Tips to Lower Car Insurance Costs

on May 25, 2003

Searching for less expensive car insurance is simple, if you’re armed with a little preparation.

I think people don’t always understand all the terms, says Gordon Mize, an insurance agent in Alpine, Calif. If they don’t understand everything, it puts a tremendous weight on their minds.

Preparation and asking the right questions not only gives you confidence but also the best price and cove#rage tailored to your needs, Mize says. The National Association of Insurance Commissioners offers these helpful tips:

Ask insurers about price breaks offered to safe drivers. Each company has different guidelines to determine prices, based on a drivers number of accidents or traffic violations.

Ask about discounts. Possibilities include having two or more cars on a policy, participation in a driver education course, and airbags or other safety equipment. Drivers between 50 and 65 or student drivers younger than 25 may also earn breaks for good driving records. Having home insurance and auto insurance with the same company may earn a discount.
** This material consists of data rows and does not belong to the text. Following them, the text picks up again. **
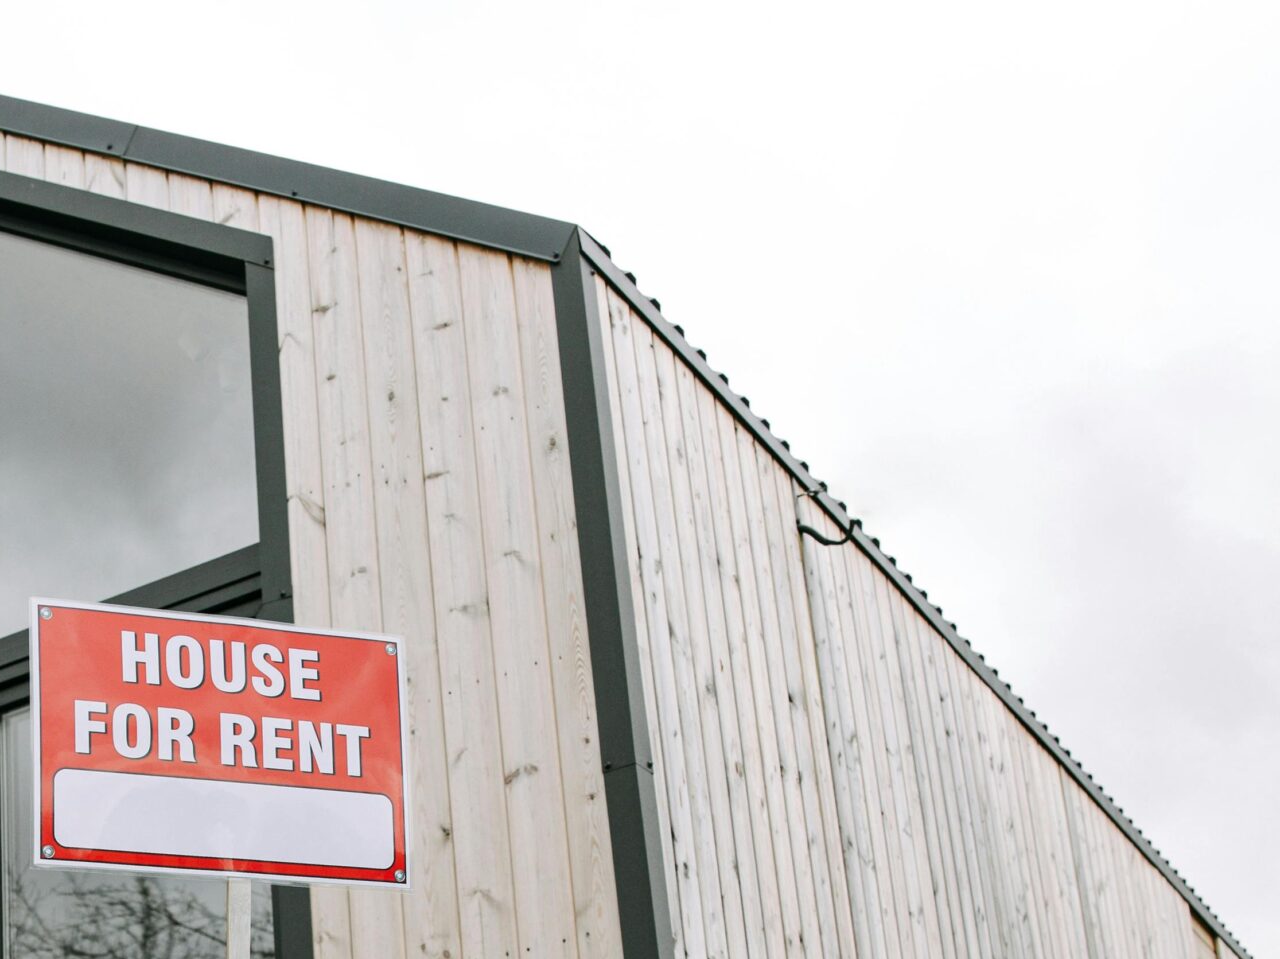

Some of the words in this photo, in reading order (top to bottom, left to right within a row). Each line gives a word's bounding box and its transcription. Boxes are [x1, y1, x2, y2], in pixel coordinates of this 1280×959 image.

[120, 630, 322, 702] HOUSE
[73, 699, 197, 763] FOR
[219, 712, 371, 777] RENT
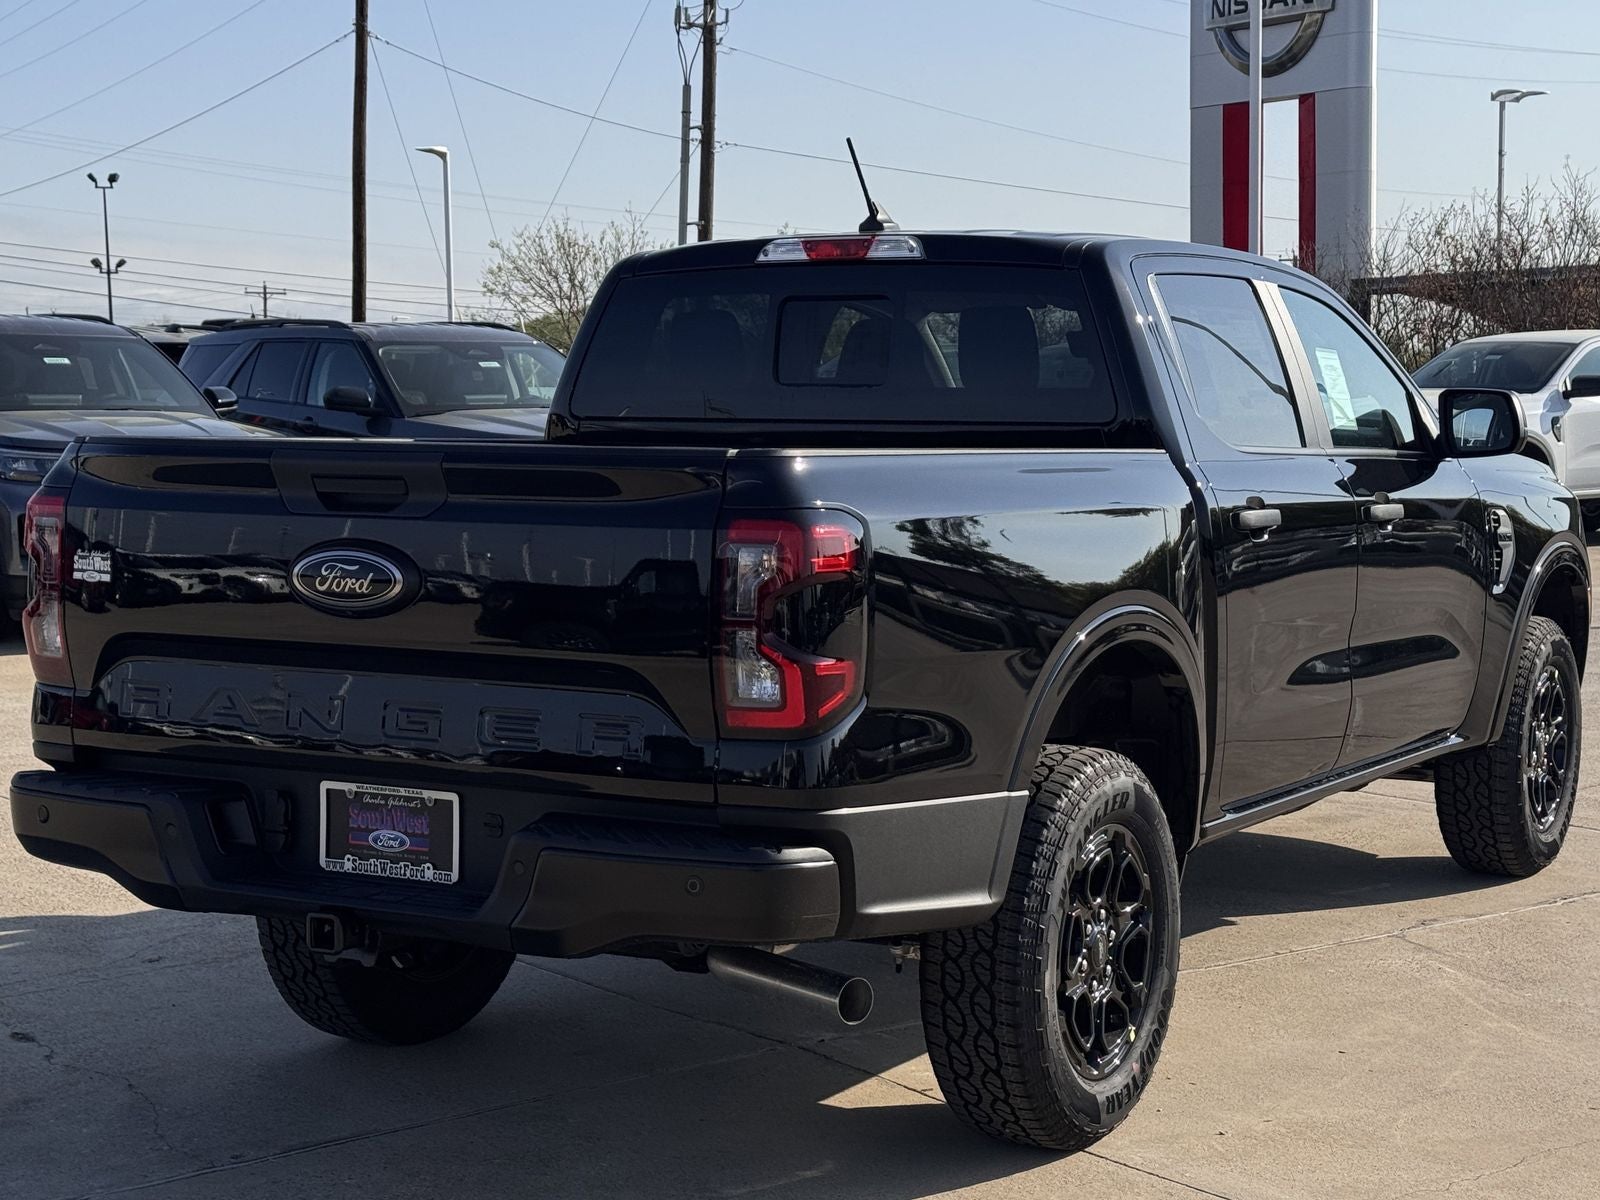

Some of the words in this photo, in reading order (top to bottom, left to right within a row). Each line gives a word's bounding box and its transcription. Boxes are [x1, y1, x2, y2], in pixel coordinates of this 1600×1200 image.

[1211, 0, 1315, 20] NIS
[73, 555, 111, 571] SouthWest
[315, 562, 374, 594] Ford
[119, 679, 647, 760] RANGER
[349, 804, 430, 835] SouthWest
[377, 833, 401, 848] Ford
Check the accuracy of the information an insurer uses to determine your premium. For example, make sure your private car isn’t accidentally listed as a commercial vehicle. Confirm your address and the age of all drivers, which can affect price. Finally, check to see if the insurer gave all applicable discounts.
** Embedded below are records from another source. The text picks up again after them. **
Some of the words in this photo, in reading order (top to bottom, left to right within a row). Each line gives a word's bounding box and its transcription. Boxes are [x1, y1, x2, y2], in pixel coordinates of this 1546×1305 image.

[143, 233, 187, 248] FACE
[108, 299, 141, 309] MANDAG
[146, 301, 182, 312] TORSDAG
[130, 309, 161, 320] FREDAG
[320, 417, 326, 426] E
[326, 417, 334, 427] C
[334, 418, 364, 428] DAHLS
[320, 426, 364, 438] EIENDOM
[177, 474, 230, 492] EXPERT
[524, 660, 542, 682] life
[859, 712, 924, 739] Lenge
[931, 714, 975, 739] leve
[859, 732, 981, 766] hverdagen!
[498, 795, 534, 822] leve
Review your deductibles, the amount you must pay before insurance kicks in. Drivers can reduce insurance costs by paying higher deductibles. But make sure you can afford to pay the out-of-pocket costs if there’s an accident.

Think about insurance when buying a car, because insurance companies charge more for cars that cost more to repair or that are considered less safe. They also may charge more for vehicles responsible for more damage to others in an accident, such as some sport utility vehicles.

Don’t just buy a policy and forget about it, because some changes can lower or increase the expense, such as adding or removing a vehicle, adding a driver, or changing the number of miles driven annually.

Over time, paying attention to the details can make a difference where it matters most the wallet.